* [Phrase grounding data]
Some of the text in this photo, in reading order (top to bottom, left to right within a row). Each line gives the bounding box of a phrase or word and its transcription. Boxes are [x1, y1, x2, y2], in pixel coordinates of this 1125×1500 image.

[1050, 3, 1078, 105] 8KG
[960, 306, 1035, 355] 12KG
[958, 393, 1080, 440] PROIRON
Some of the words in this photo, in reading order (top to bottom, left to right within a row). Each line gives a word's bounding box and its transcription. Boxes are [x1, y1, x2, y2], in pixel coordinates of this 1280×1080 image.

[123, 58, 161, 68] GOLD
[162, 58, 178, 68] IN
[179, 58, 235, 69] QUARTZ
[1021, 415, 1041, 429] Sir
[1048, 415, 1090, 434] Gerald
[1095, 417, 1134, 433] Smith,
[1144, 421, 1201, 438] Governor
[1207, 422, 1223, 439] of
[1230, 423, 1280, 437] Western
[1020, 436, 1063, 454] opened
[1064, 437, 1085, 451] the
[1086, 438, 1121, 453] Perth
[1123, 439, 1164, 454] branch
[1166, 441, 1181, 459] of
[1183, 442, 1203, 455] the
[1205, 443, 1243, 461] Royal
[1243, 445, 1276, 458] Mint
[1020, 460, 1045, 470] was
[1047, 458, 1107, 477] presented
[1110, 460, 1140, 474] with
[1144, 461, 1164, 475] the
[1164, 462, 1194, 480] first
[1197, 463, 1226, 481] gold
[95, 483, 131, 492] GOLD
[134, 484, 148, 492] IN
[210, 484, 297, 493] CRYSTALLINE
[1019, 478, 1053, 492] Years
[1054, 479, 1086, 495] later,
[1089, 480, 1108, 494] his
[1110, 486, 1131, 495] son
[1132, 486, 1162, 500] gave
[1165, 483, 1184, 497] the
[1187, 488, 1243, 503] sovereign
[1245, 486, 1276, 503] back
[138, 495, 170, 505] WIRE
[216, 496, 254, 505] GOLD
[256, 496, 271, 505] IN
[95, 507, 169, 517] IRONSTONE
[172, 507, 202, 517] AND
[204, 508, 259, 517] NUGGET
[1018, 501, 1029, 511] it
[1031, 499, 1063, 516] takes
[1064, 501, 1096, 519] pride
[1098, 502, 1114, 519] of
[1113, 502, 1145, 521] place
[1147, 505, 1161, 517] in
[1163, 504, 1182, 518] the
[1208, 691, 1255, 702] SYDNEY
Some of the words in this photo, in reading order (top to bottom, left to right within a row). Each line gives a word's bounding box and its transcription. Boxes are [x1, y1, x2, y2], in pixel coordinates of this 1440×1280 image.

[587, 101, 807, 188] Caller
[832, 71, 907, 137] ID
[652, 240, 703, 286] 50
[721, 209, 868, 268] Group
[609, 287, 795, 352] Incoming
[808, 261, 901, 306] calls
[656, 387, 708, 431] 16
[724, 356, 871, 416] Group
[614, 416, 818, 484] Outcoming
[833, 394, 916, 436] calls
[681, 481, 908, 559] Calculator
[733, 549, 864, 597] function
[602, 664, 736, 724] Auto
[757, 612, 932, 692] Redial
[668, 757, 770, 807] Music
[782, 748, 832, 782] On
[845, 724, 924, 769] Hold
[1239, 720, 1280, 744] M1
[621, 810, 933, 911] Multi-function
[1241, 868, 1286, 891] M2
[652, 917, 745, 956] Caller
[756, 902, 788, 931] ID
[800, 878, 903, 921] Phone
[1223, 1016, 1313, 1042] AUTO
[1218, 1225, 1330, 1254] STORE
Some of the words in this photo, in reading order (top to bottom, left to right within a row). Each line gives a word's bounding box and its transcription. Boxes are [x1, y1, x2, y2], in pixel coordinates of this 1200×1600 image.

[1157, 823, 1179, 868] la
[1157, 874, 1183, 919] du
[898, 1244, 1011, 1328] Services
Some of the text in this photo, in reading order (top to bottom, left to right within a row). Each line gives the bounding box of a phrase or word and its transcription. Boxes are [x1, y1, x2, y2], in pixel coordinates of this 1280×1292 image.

* [Work instructions]
Taking care to match every character, output all of the entries above.

* [Response to the task]
Some of the text in this photo, in reading order (top to bottom, left to right within a row). Each line gives the bounding box of a phrase or word and its transcription. Boxes are [x1, y1, x2, y2], in pixel coordinates of this 1125×1500 image.

[1050, 3, 1078, 105] 8KG
[960, 306, 1035, 355] 12KG
[958, 393, 1080, 440] PROIRON
Some of the words in this photo, in reading order (top to bottom, left to right within a row). Each line gives a word's bounding box and its transcription. Boxes are [x1, y1, x2, y2], in pixel coordinates of this 1280×1080 image.

[123, 58, 161, 68] GOLD
[162, 58, 178, 68] IN
[179, 58, 235, 69] QUARTZ
[1021, 415, 1041, 429] Sir
[1048, 415, 1090, 434] Gerald
[1095, 417, 1134, 433] Smith,
[1144, 421, 1201, 438] Governor
[1207, 422, 1223, 439] of
[1230, 423, 1280, 437] Western
[1020, 436, 1063, 454] opened
[1064, 437, 1085, 451] the
[1086, 438, 1121, 453] Perth
[1123, 439, 1164, 454] branch
[1166, 441, 1181, 459] of
[1183, 442, 1203, 455] the
[1205, 443, 1243, 461] Royal
[1243, 445, 1276, 458] Mint
[1020, 460, 1045, 470] was
[1047, 458, 1107, 477] presented
[1110, 460, 1140, 474] with
[1144, 461, 1164, 475] the
[1164, 462, 1194, 480] first
[1197, 463, 1226, 481] gold
[95, 483, 131, 492] GOLD
[134, 484, 148, 492] IN
[210, 484, 297, 493] CRYSTALLINE
[1019, 478, 1053, 492] Years
[1054, 479, 1086, 495] later,
[1089, 480, 1108, 494] his
[1110, 486, 1131, 495] son
[1132, 486, 1162, 500] gave
[1165, 483, 1184, 497] the
[1187, 488, 1243, 503] sovereign
[1245, 486, 1276, 503] back
[138, 495, 170, 505] WIRE
[216, 496, 254, 505] GOLD
[256, 496, 271, 505] IN
[95, 507, 169, 517] IRONSTONE
[172, 507, 202, 517] AND
[204, 508, 259, 517] NUGGET
[1018, 501, 1029, 511] it
[1031, 499, 1063, 516] takes
[1064, 501, 1096, 519] pride
[1098, 502, 1114, 519] of
[1113, 502, 1145, 521] place
[1147, 505, 1161, 517] in
[1163, 504, 1182, 518] the
[1208, 691, 1255, 702] SYDNEY
Some of the words in this photo, in reading order (top to bottom, left to right within a row). Each line gives a word's bounding box and its transcription. Boxes are [x1, y1, x2, y2], in pixel coordinates of this 1440×1280 image.

[587, 101, 807, 188] Caller
[832, 71, 907, 137] ID
[652, 240, 703, 286] 50
[721, 209, 868, 268] Group
[609, 287, 795, 352] Incoming
[808, 261, 901, 306] calls
[656, 387, 708, 431] 16
[724, 356, 871, 416] Group
[614, 416, 818, 484] Outcoming
[833, 394, 916, 436] calls
[681, 481, 908, 559] Calculator
[733, 549, 864, 597] function
[602, 664, 736, 724] Auto
[757, 612, 932, 692] Redial
[668, 757, 770, 807] Music
[782, 748, 832, 782] On
[845, 724, 924, 769] Hold
[1239, 720, 1280, 744] M1
[621, 810, 933, 911] Multi-function
[1241, 868, 1286, 891] M2
[652, 917, 745, 956] Caller
[756, 902, 788, 931] ID
[800, 878, 903, 921] Phone
[1223, 1016, 1313, 1042] AUTO
[1218, 1225, 1330, 1254] STORE
Some of the words in this photo, in reading order (top to bottom, left to right within a row). Each line gives a word's bounding box and its transcription. Boxes are [x1, y1, x2, y2], in pixel coordinates of this 1200×1600 image.

[1157, 823, 1179, 868] la
[1157, 874, 1183, 919] du
[898, 1244, 1011, 1328] Services
Some of the text in this photo, in reading order (top to bottom, left to right within a row). Each line gives the bounding box of a phrase or word and its transcription. Boxes are [x1, y1, x2, y2], in pixel coordinates of this 1280×1292 image.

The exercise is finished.